Medical oncologists have welcomed the new use for pembrolizumab anti-PD-1 immunotherapy, describing it as “the first new treatment option in Australia for advanced bladder cancer in more than thirty years”.

Professor Howard Gurney from Macquarie University Hospital who was involved in the single-arm clinical trial for urothelial carcinoma, said he was “delighted” that the anti-PD-1 immunotherapy is now approved for treatment in Australia for patients with this form of advanced bladder cancer.

“Chemotherapy has been the mainstay of treatment for decades in bladder cancer so it is tremendously exciting to use immunotherapy in treatment protocols for these patients,” he said.

“A significant proportion of bladder cancer patients respond to immunotherapy compared to chemotherapy after platinum-based therapy, and this represents an important new treatment paradigm for these patients,” Professor Howard Gurney

More than 2,500 new cases of bladder cancer are diagnosed in Australia each year, with urothelial cancer claiming more than 1,000 Australian lives annually. The cancer has a five-year survival rate of only 53 per cent.
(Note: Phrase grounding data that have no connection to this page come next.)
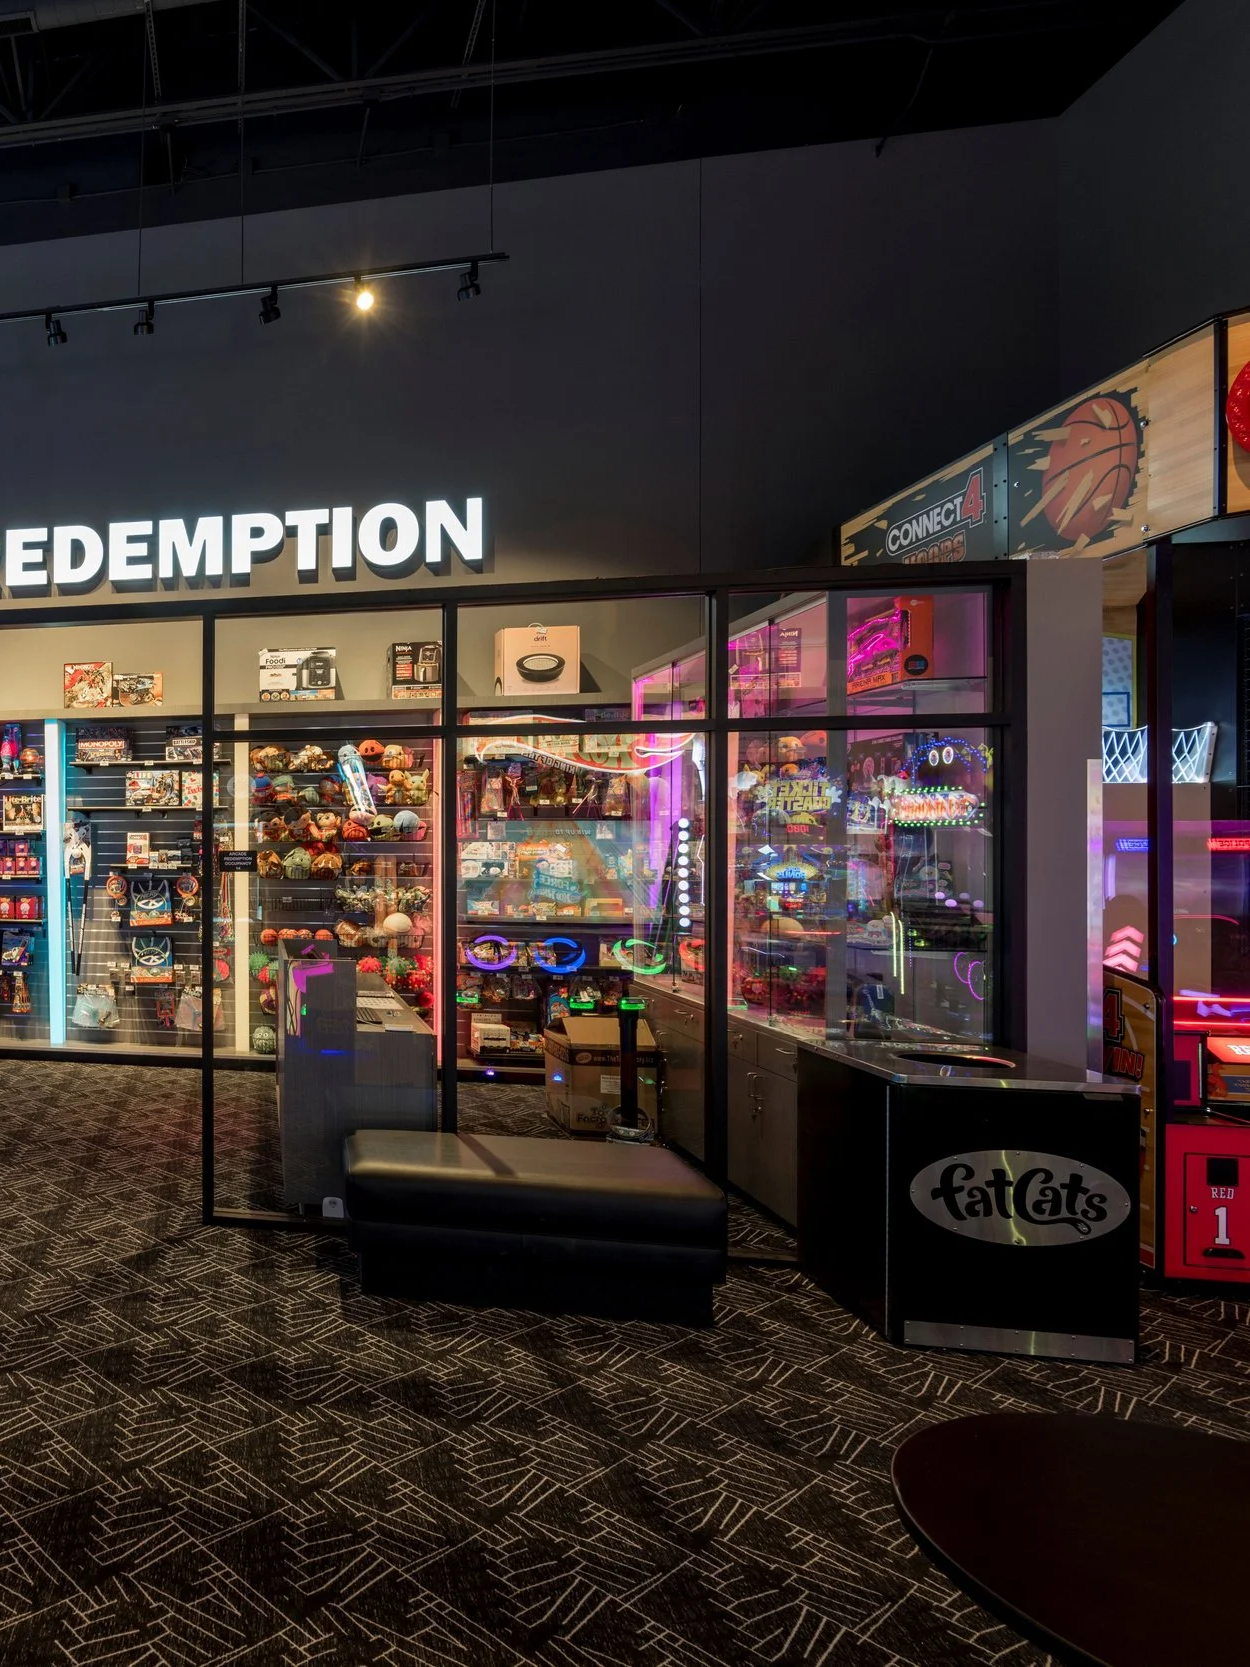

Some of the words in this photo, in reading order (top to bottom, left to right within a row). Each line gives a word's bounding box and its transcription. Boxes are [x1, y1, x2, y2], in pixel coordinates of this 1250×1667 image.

[888, 496, 963, 551] CONNECT
[961, 474, 983, 520] 4
[80, 740, 124, 748] MONOPOLY
[1103, 1046, 1143, 1079] IN!
[1211, 1187, 1234, 1199] RED
[1215, 1206, 1230, 1245] 1
More than 40 per cent of patients with advanced urothelial cancer who are 70 years or older cannot receive standard, first-line cisplatin-based chemotherapy due to impaired renal function.

TGA approval of Keytruda for locally advanced or metastatic urothelial carcinoma for first line treatment has been granted based on overall response, duration of response and safety data from the KEYNOTE-052 trial.
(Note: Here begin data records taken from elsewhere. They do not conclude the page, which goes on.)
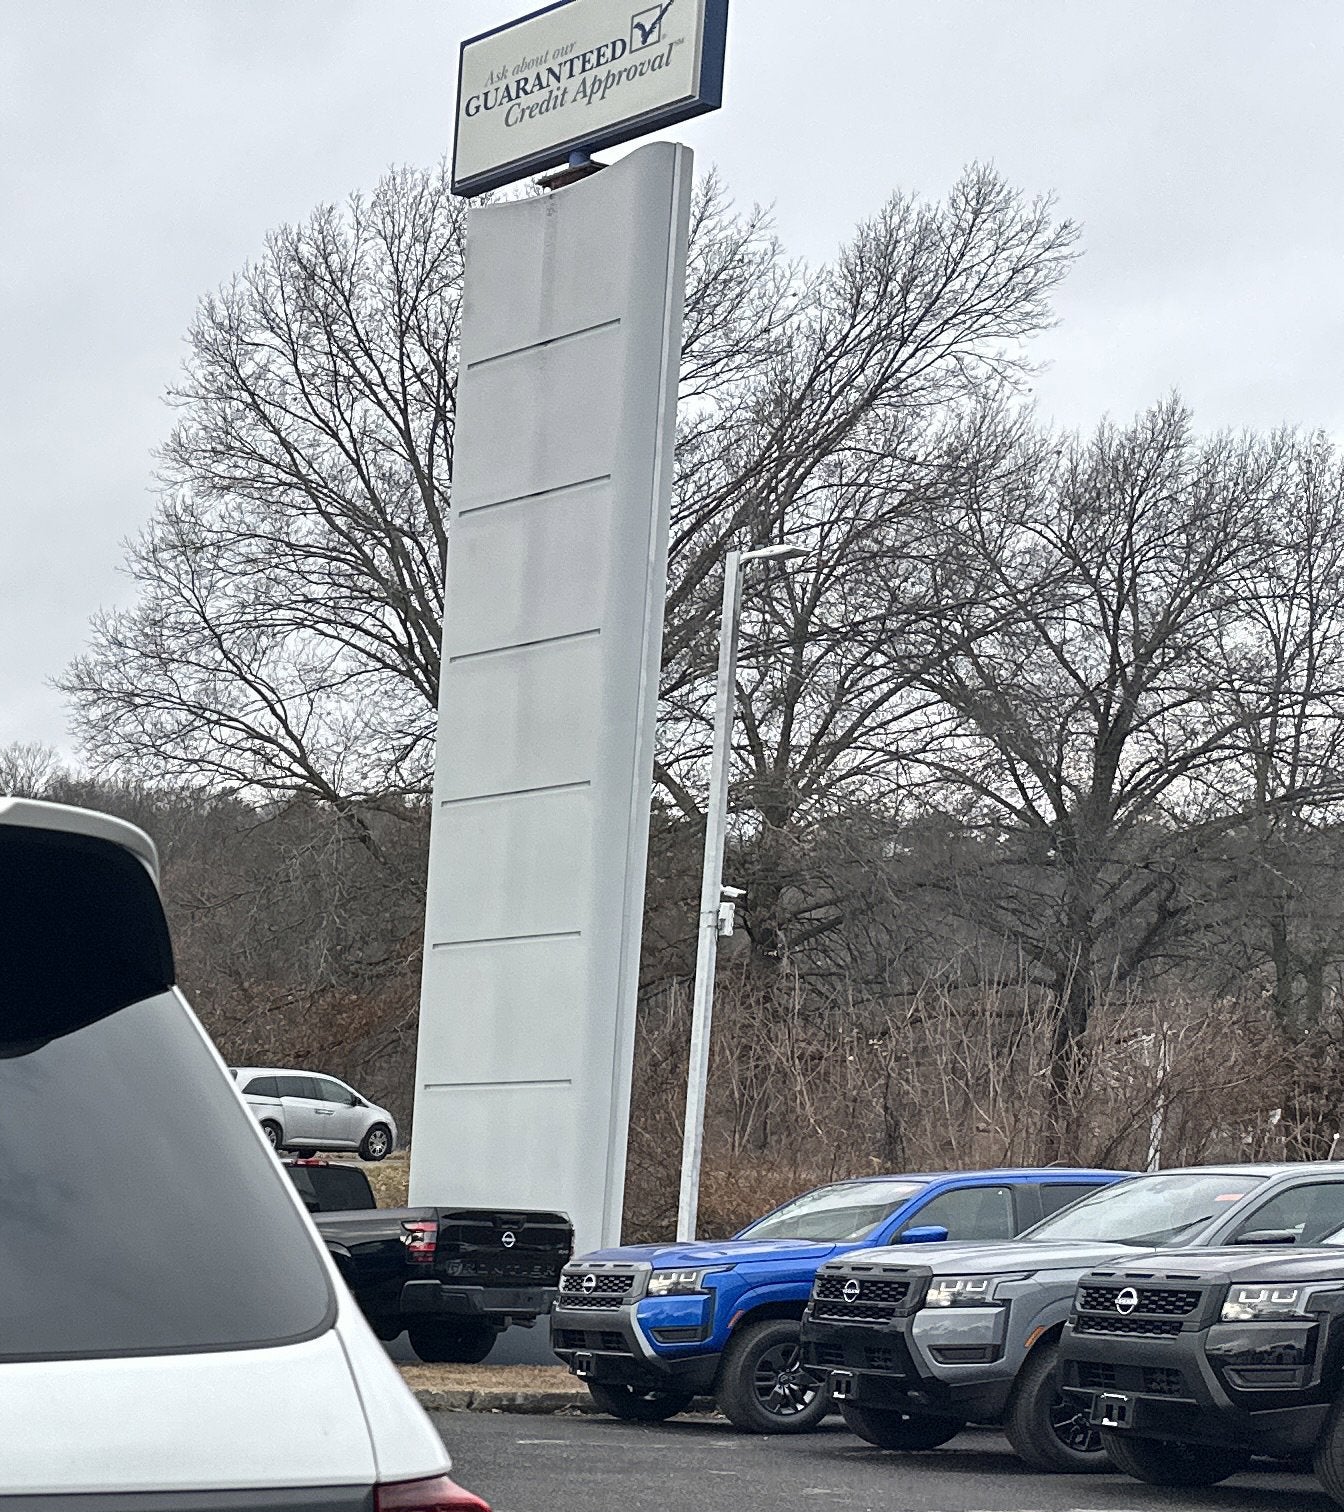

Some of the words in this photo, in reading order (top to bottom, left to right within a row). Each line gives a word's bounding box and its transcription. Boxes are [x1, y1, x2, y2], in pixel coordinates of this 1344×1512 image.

[464, 38, 627, 118] GUARANTEED
[484, 64, 509, 87] Ask
[512, 49, 549, 76] about
[552, 41, 577, 60] our
[504, 86, 568, 127] Credit
[571, 42, 674, 106] Approval
The first-line approval is based on data from KEYNOTE-052, which investigated KEYTRUDA in 370 patients with locally advanced or metastatic urothelial carcinoma who were not eligible for cisplatin-containing chemotherapy. The objective response rate was 29 per cent (95%CI 24,34) with a complete response rate of 7 per cent and a partial response rate of 22 per cent. The median response duration was not reached (95% CI 1.4+, 17.8+). 19 per cent of patients experience a duration of greater or equal to 6 months and the median time to response was 2 months (95%CI 1.6,4.8).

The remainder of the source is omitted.